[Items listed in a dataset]

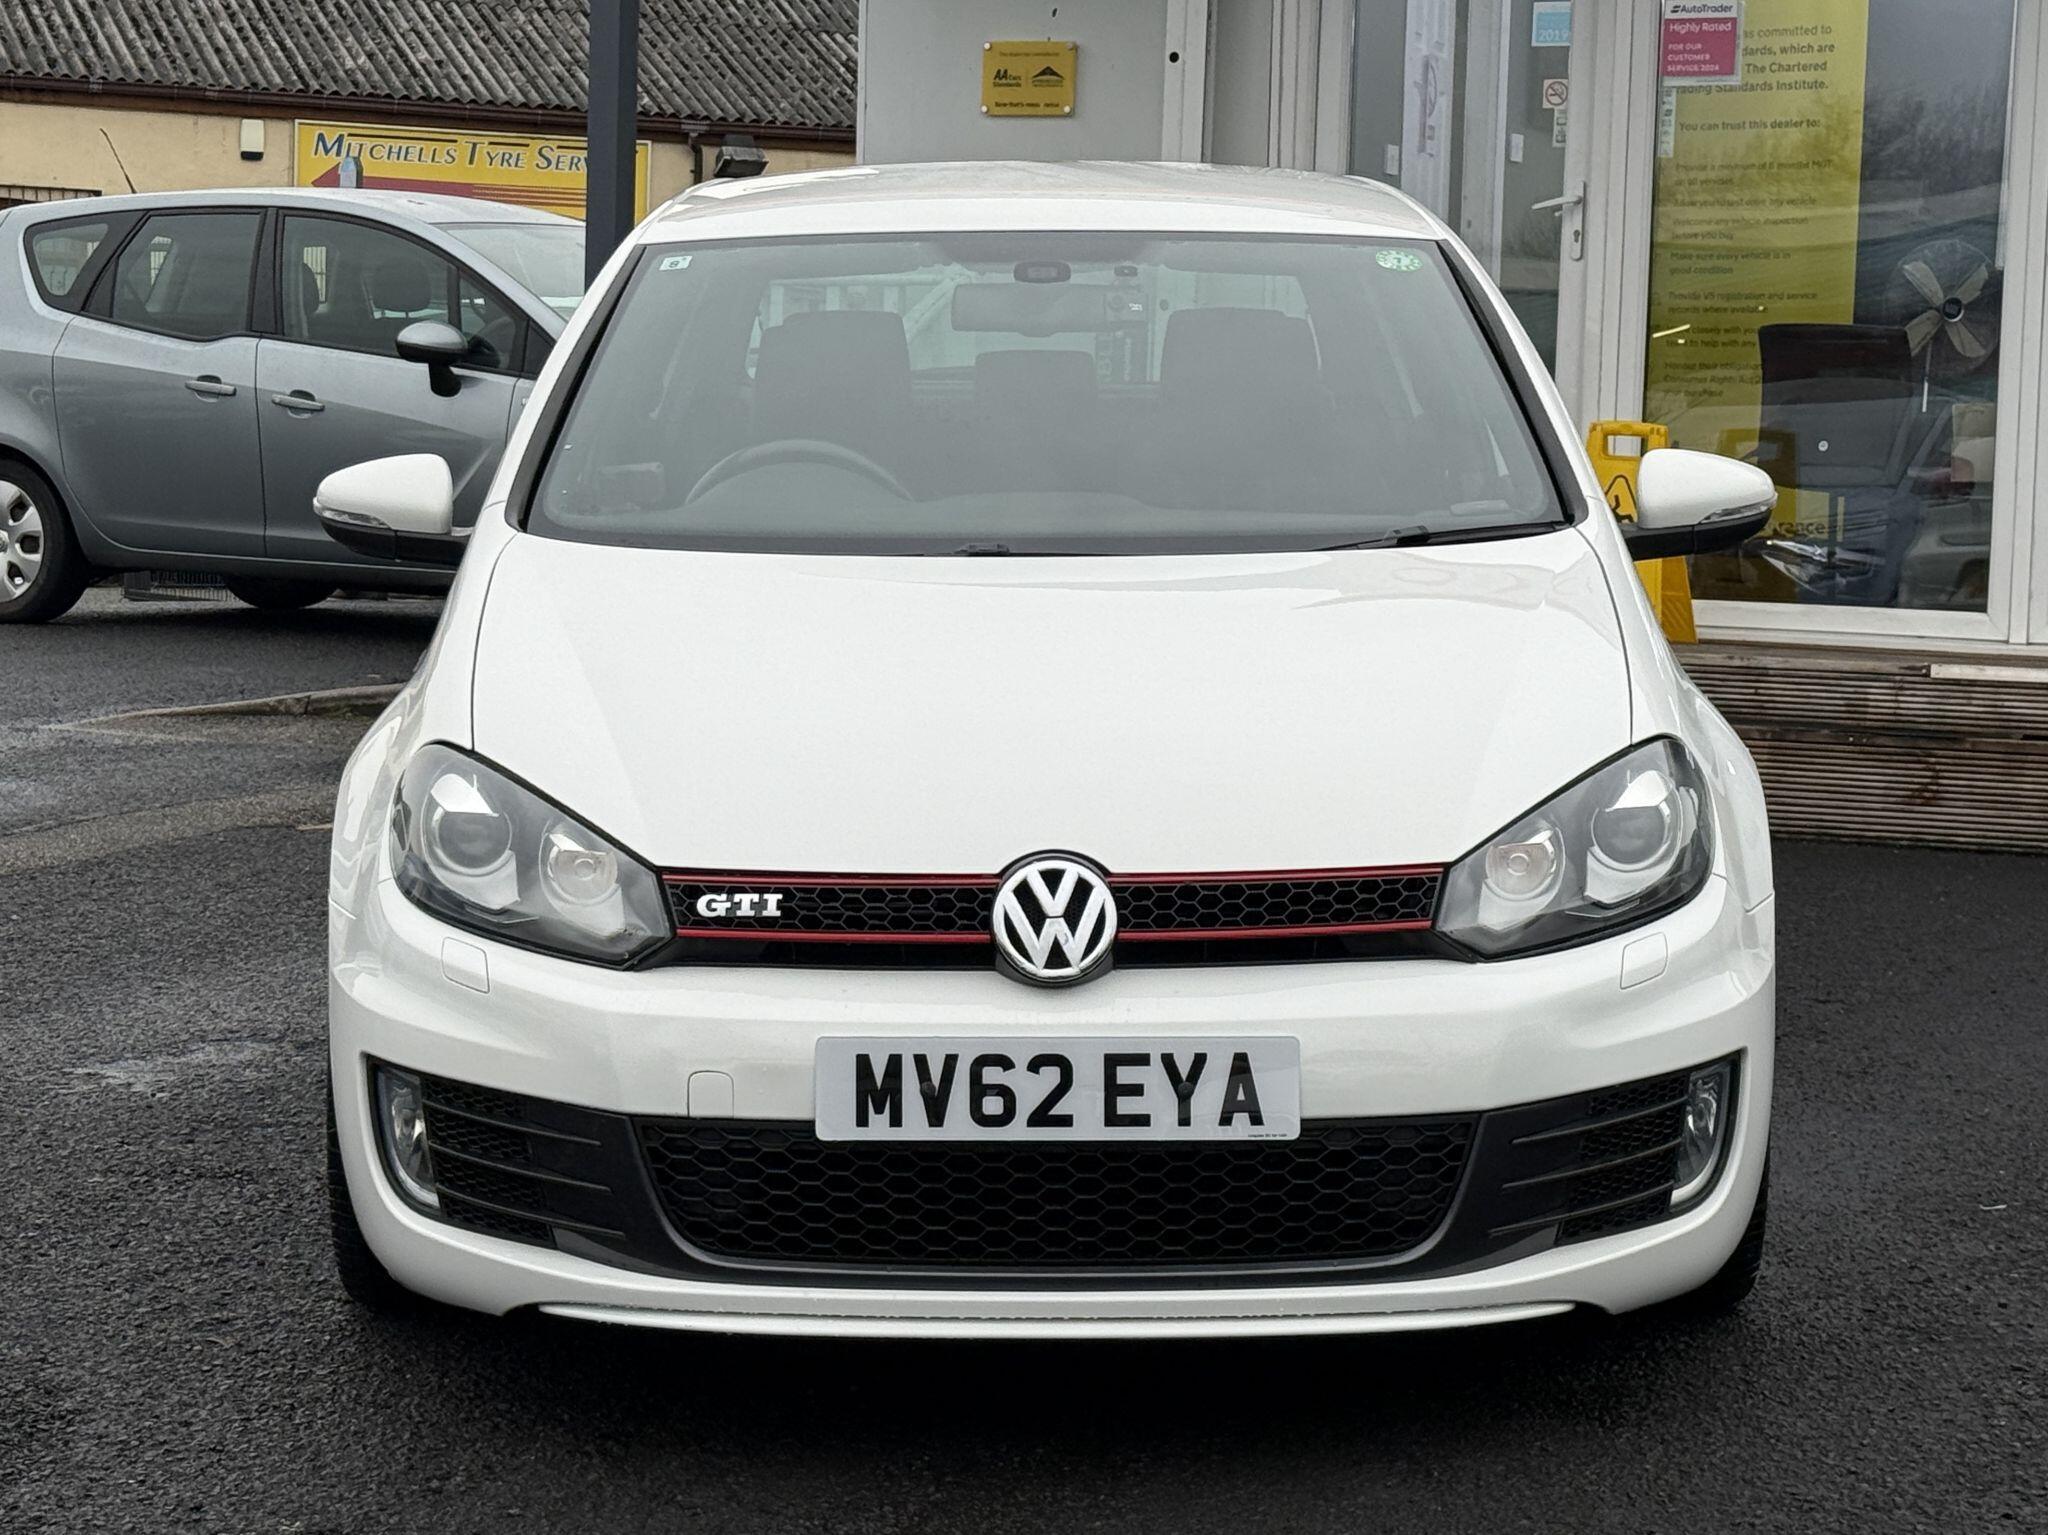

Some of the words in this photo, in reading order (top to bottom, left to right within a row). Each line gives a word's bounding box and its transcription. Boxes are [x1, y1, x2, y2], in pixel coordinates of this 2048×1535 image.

[1680, 4, 1733, 14] AutoTrader
[1669, 23, 1700, 34] Highly
[1702, 22, 1732, 32] Rated
[1757, 25, 1818, 38] committed
[1821, 25, 1832, 34] to
[1538, 29, 1570, 41] 2019
[1780, 43, 1814, 54] which
[1816, 44, 1835, 53] are
[1667, 53, 1710, 61] CUSTOMER
[1667, 64, 1699, 72] SERVICE
[1745, 63, 1767, 74] The
[1769, 61, 1828, 73] Chartered
[1776, 80, 1829, 91] Institute.
[1679, 121, 1698, 131] You
[1722, 120, 1746, 130] trust
[1749, 119, 1768, 129] this
[1770, 118, 1804, 129] dealer
[313, 132, 457, 165] MITCHELLS
[465, 141, 526, 168] TYRE
[696, 892, 783, 918] GTI
[855, 1052, 1074, 1128] MV62
[1104, 1052, 1264, 1128] EYA
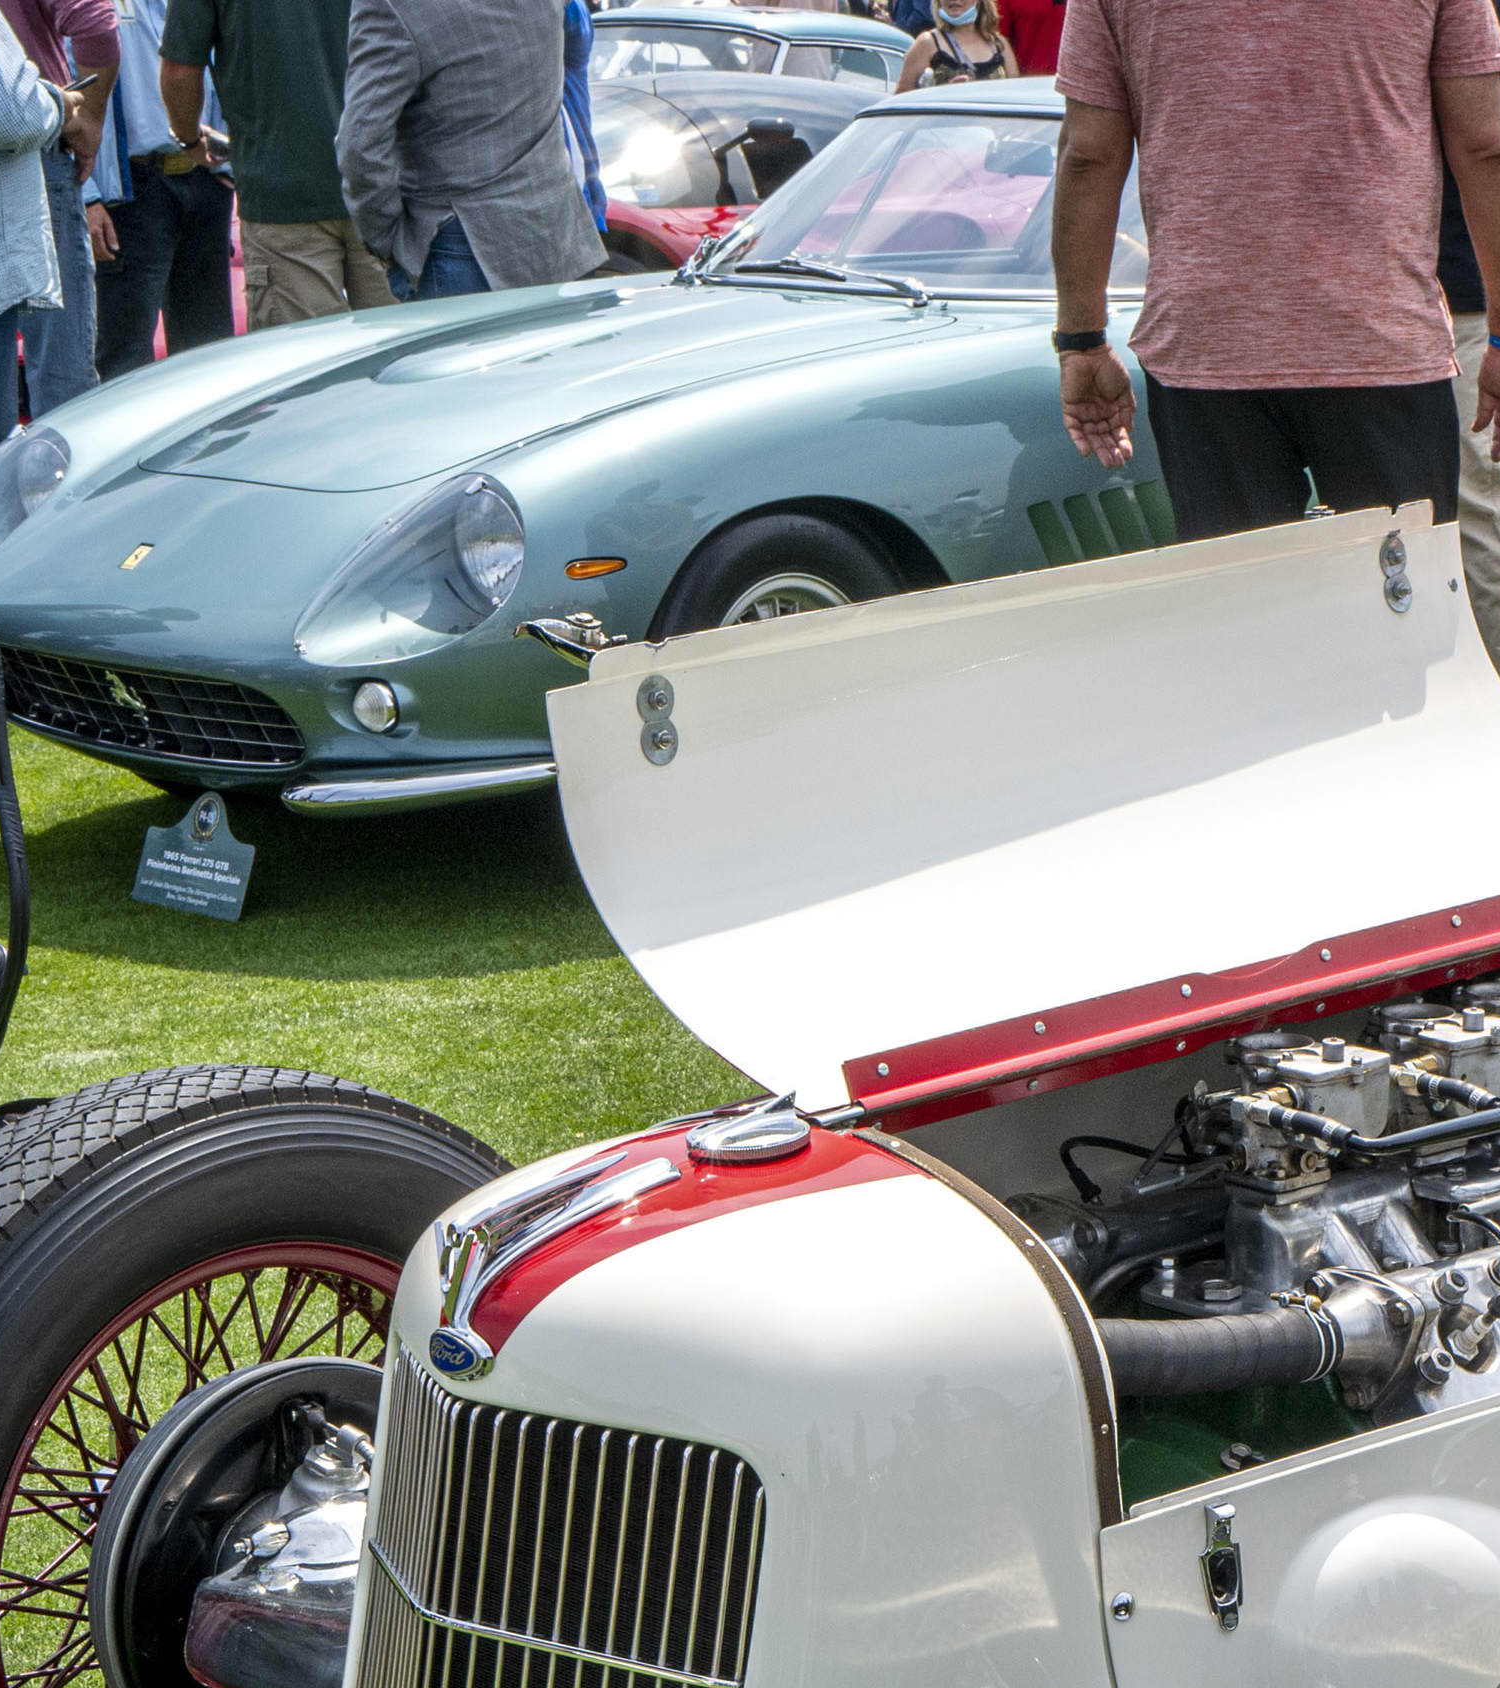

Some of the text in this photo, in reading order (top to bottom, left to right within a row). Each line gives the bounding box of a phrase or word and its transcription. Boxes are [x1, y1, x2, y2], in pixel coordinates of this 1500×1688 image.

[163, 850, 180, 862] 1965
[179, 853, 202, 865] Ferrari
[430, 1337, 466, 1366] Ford
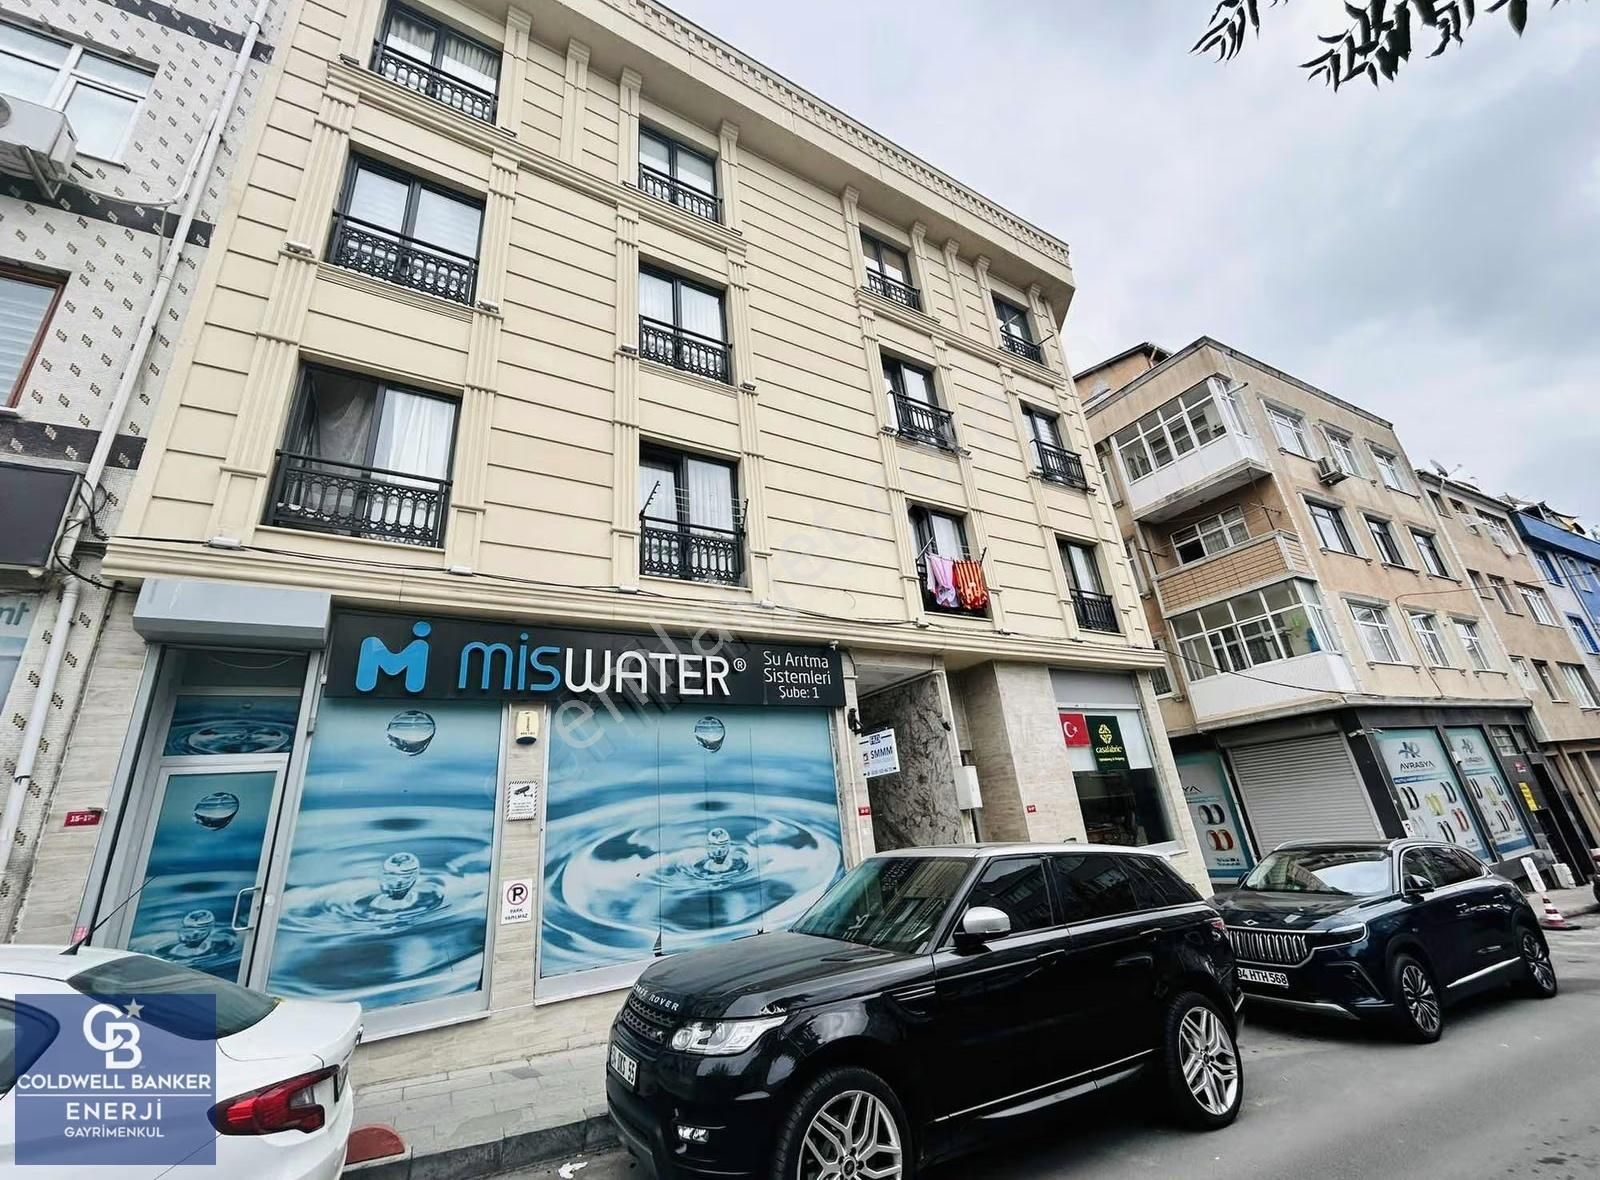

• **EXERCISE GOAL**:
Each record above is to be copied exactly. Drop the pictures.

• **TASK ANSWER**:
Some of the words in this photo, in reading order (top to bottom, left to right within a row). Each line gives a word's bounding box and its transcription. Boxes are [x1, y1, x2, y2], in pixel coordinates of this 2048×1535 image.

[1680, 4, 1733, 14] AutoTrader
[1669, 23, 1700, 34] Highly
[1702, 22, 1732, 32] Rated
[1757, 25, 1818, 38] committed
[1821, 25, 1832, 34] to
[1538, 29, 1570, 41] 2019
[1780, 43, 1814, 54] which
[1816, 44, 1835, 53] are
[1667, 53, 1710, 61] CUSTOMER
[1667, 64, 1699, 72] SERVICE
[1745, 63, 1767, 74] The
[1769, 61, 1828, 73] Chartered
[1776, 80, 1829, 91] Institute.
[1679, 121, 1698, 131] You
[1722, 120, 1746, 130] trust
[1749, 119, 1768, 129] this
[1770, 118, 1804, 129] dealer
[313, 132, 457, 165] MITCHELLS
[465, 141, 526, 168] TYRE
[696, 892, 783, 918] GTI
[855, 1052, 1074, 1128] MV62
[1104, 1052, 1264, 1128] EYA

Some of the text in this photo, in reading order (top to bottom, left to right within a row). Each line gives the bounding box of a phrase or word and its transcription. Boxes are [x1, y1, x2, y2], in pixel coordinates of this 1500×1688 image.

[163, 850, 180, 862] 1965
[179, 853, 202, 865] Ferrari
[430, 1337, 466, 1366] Ford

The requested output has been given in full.